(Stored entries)
########

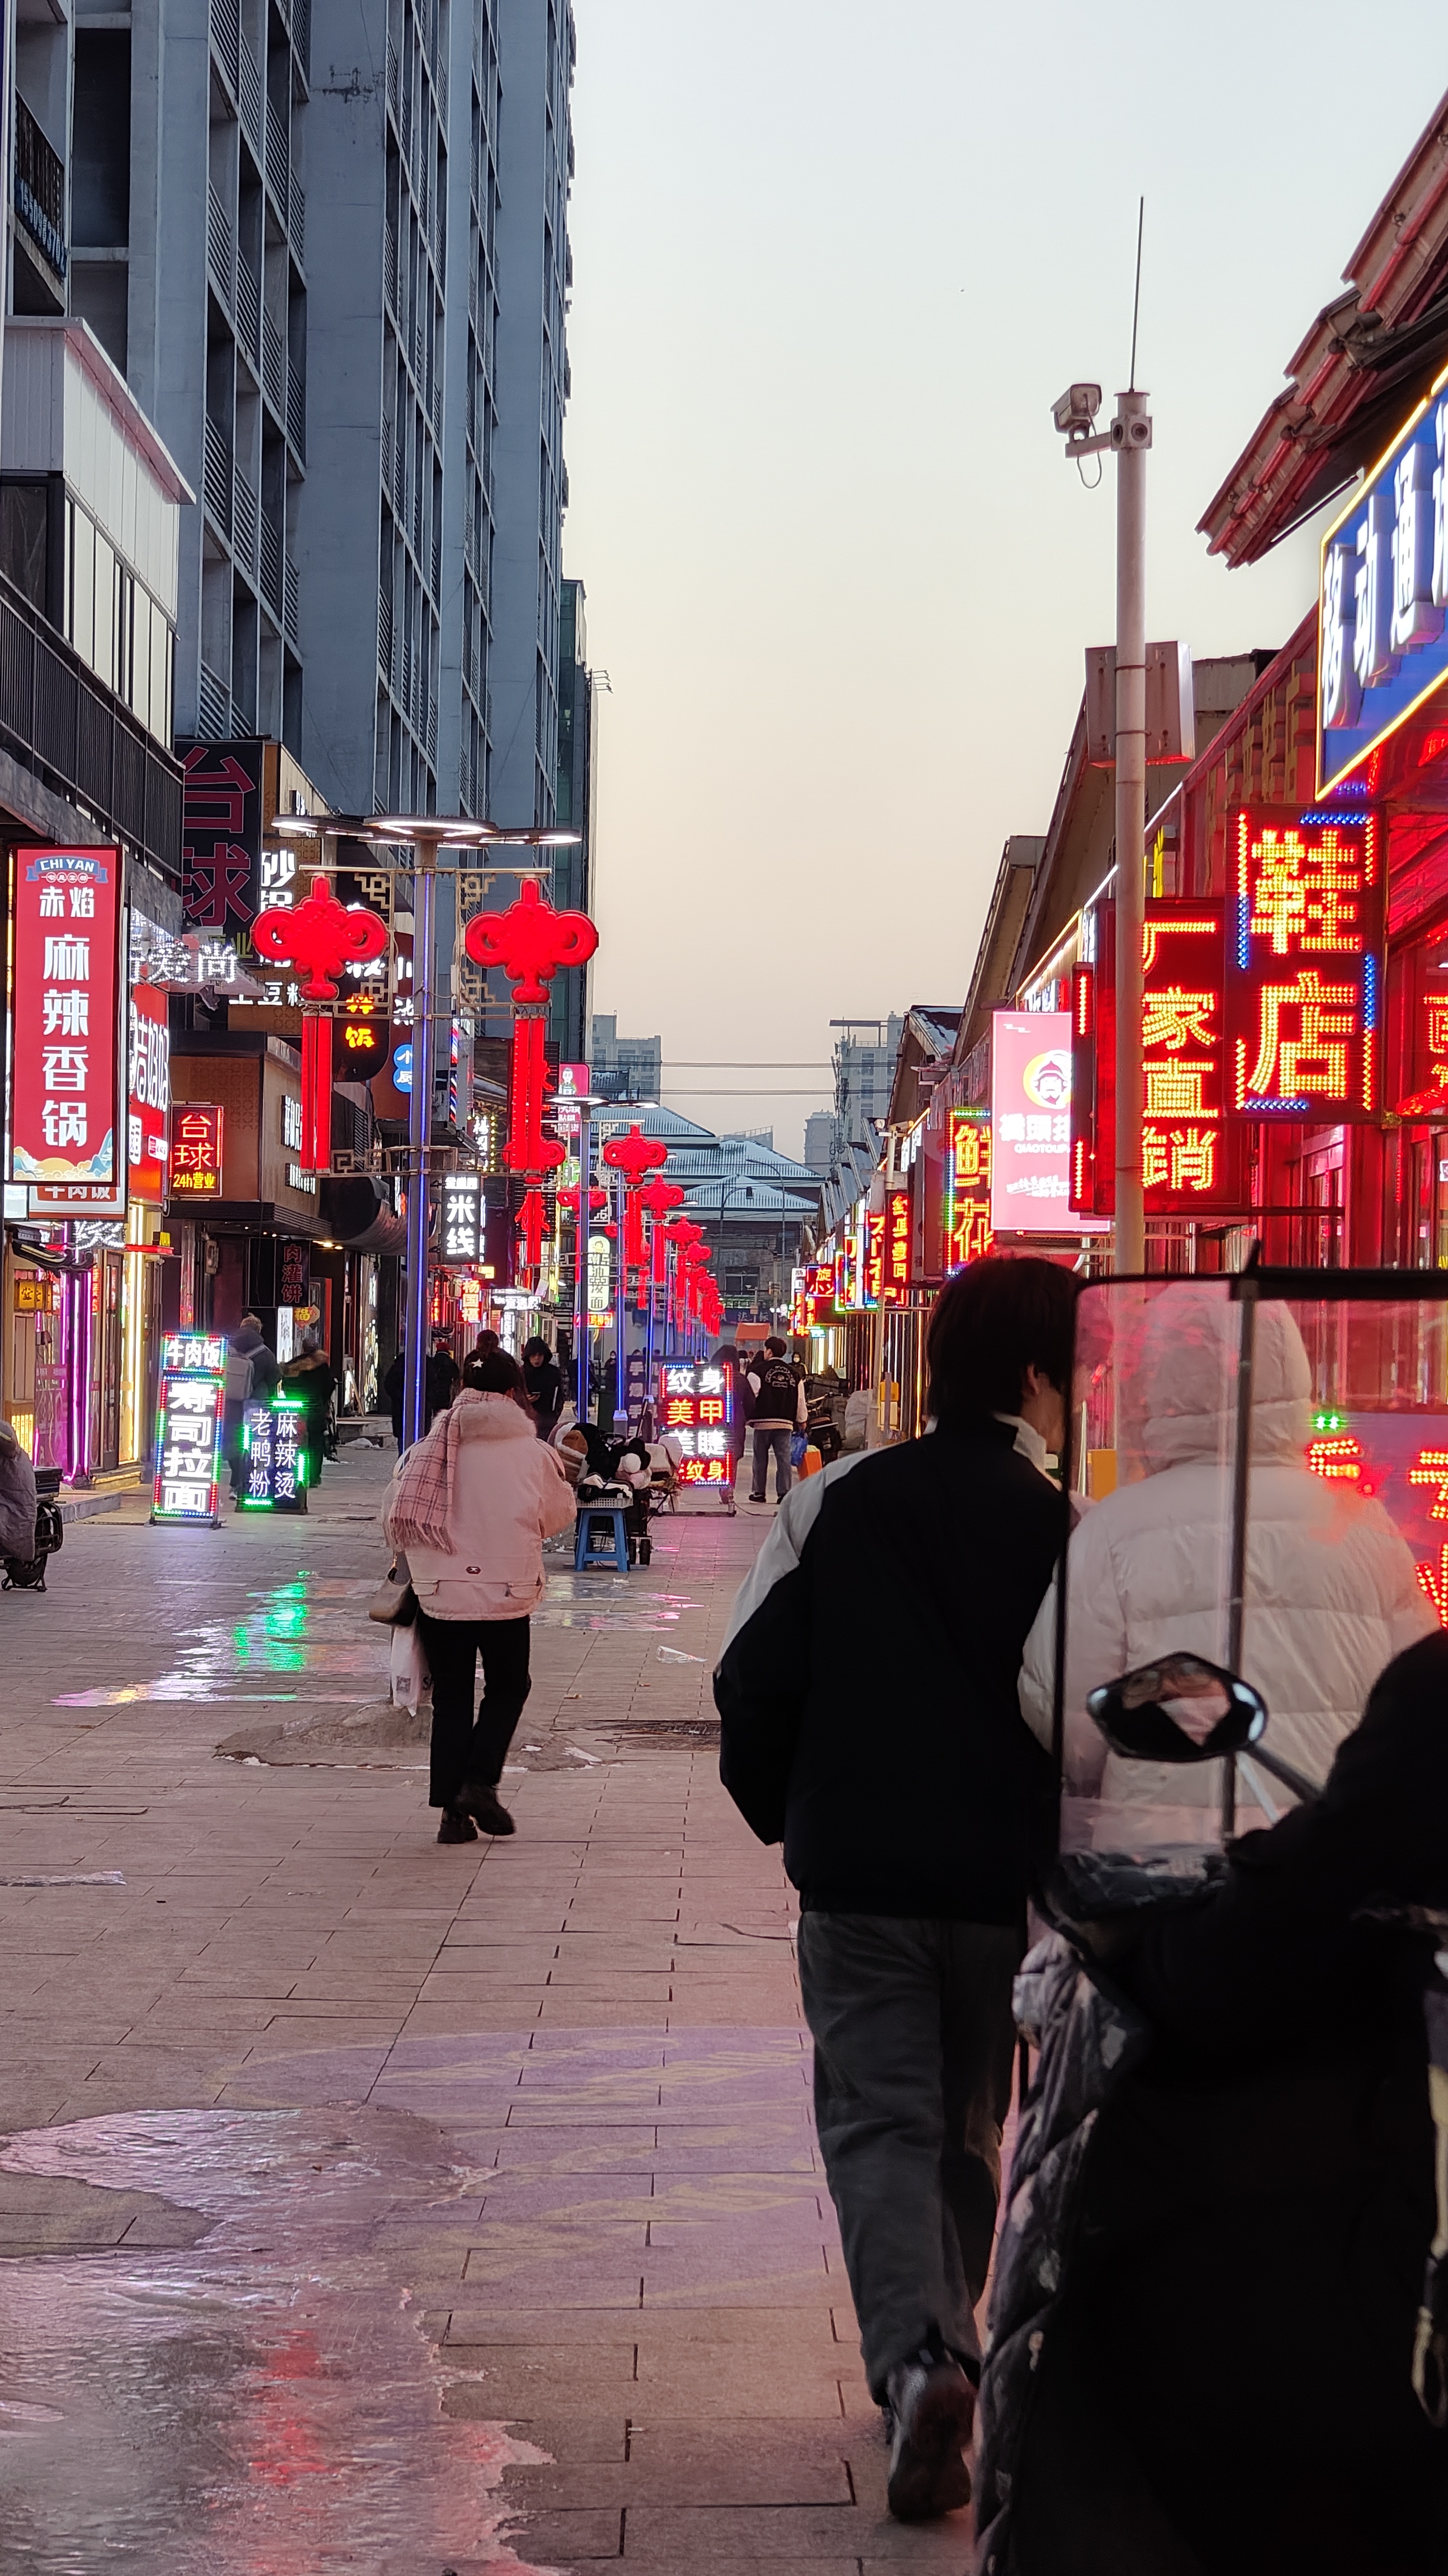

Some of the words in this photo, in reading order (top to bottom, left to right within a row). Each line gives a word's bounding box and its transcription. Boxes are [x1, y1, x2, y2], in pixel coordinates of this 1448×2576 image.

[40, 859, 63, 870] CHI
[66, 859, 94, 872] YAN
[39, 886, 94, 917] 赤焰
[1248, 830, 1361, 1098] 鞋店
[42, 934, 89, 1148] 麻辣香锅
[1143, 921, 1220, 1191] 厂家直销
[174, 1115, 215, 1170] 台球
[173, 1172, 215, 1188] 24h营业
[447, 1195, 475, 1257] 米线
[281, 1244, 304, 1304] 肉灌饼
[462, 1280, 480, 1322] 杨国福
[294, 1308, 311, 1322] 福
[168, 1339, 221, 1367] 牛肉饭
[666, 1367, 725, 1394] 纹身
[667, 1399, 723, 1425] 美甲
[161, 1381, 217, 1512] 寿司拉面
[249, 1408, 273, 1498] 老鸭粉
[275, 1409, 298, 1499] 麻辣烫
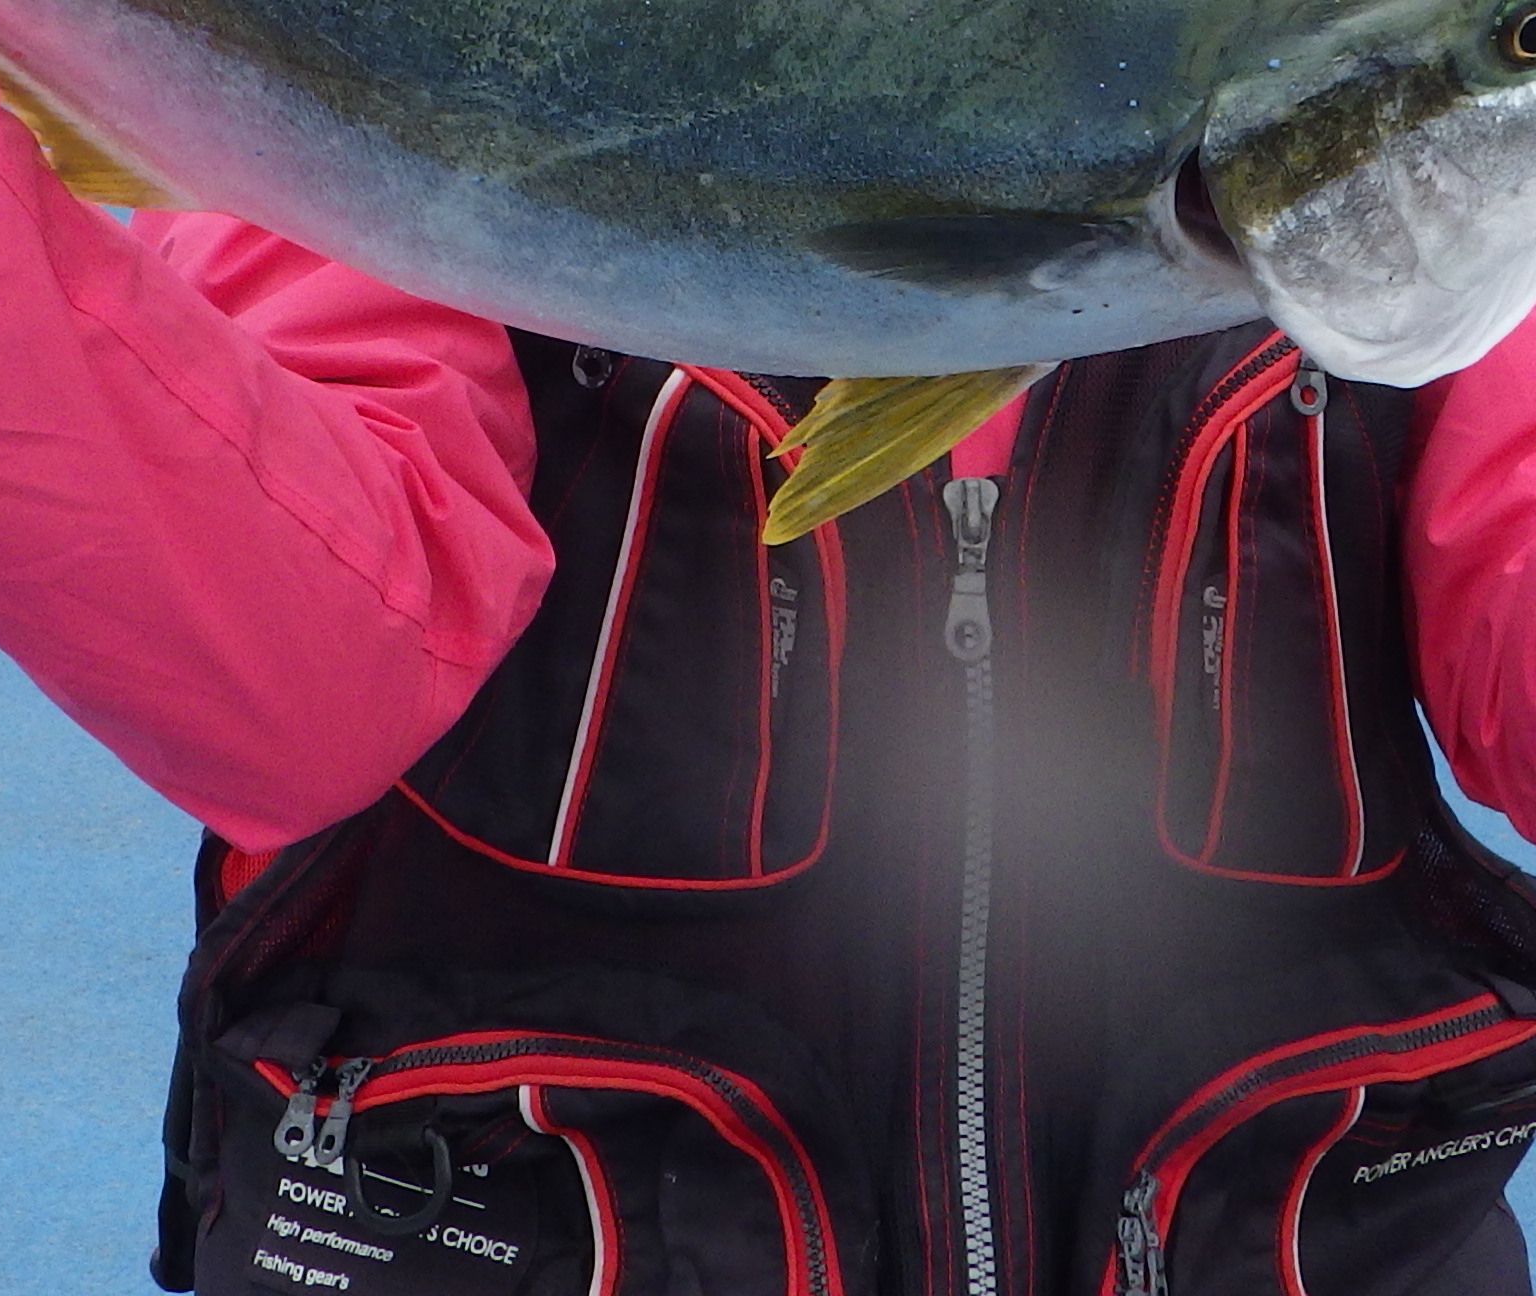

########

Type the entries again verbatim. Drop the images.

Some of the words in this photo, in reading order (top to bottom, left to right within a row). Each line gives a word's bounding box and its transcription. Boxes are [x1, y1, x2, y2], in pixel coordinates of this 1448×2576 image.

[40, 859, 63, 870] CHI
[66, 859, 94, 872] YAN
[39, 886, 94, 917] 赤焰
[1248, 830, 1361, 1098] 鞋店
[42, 934, 89, 1148] 麻辣香锅
[1143, 921, 1220, 1191] 厂家直销
[174, 1115, 215, 1170] 台球
[173, 1172, 215, 1188] 24h营业
[447, 1195, 475, 1257] 米线
[281, 1244, 304, 1304] 肉灌饼
[462, 1280, 480, 1322] 杨国福
[294, 1308, 311, 1322] 福
[168, 1339, 221, 1367] 牛肉饭
[666, 1367, 725, 1394] 纹身
[667, 1399, 723, 1425] 美甲
[161, 1381, 217, 1512] 寿司拉面
[249, 1408, 273, 1498] 老鸭粉
[275, 1409, 298, 1499] 麻辣烫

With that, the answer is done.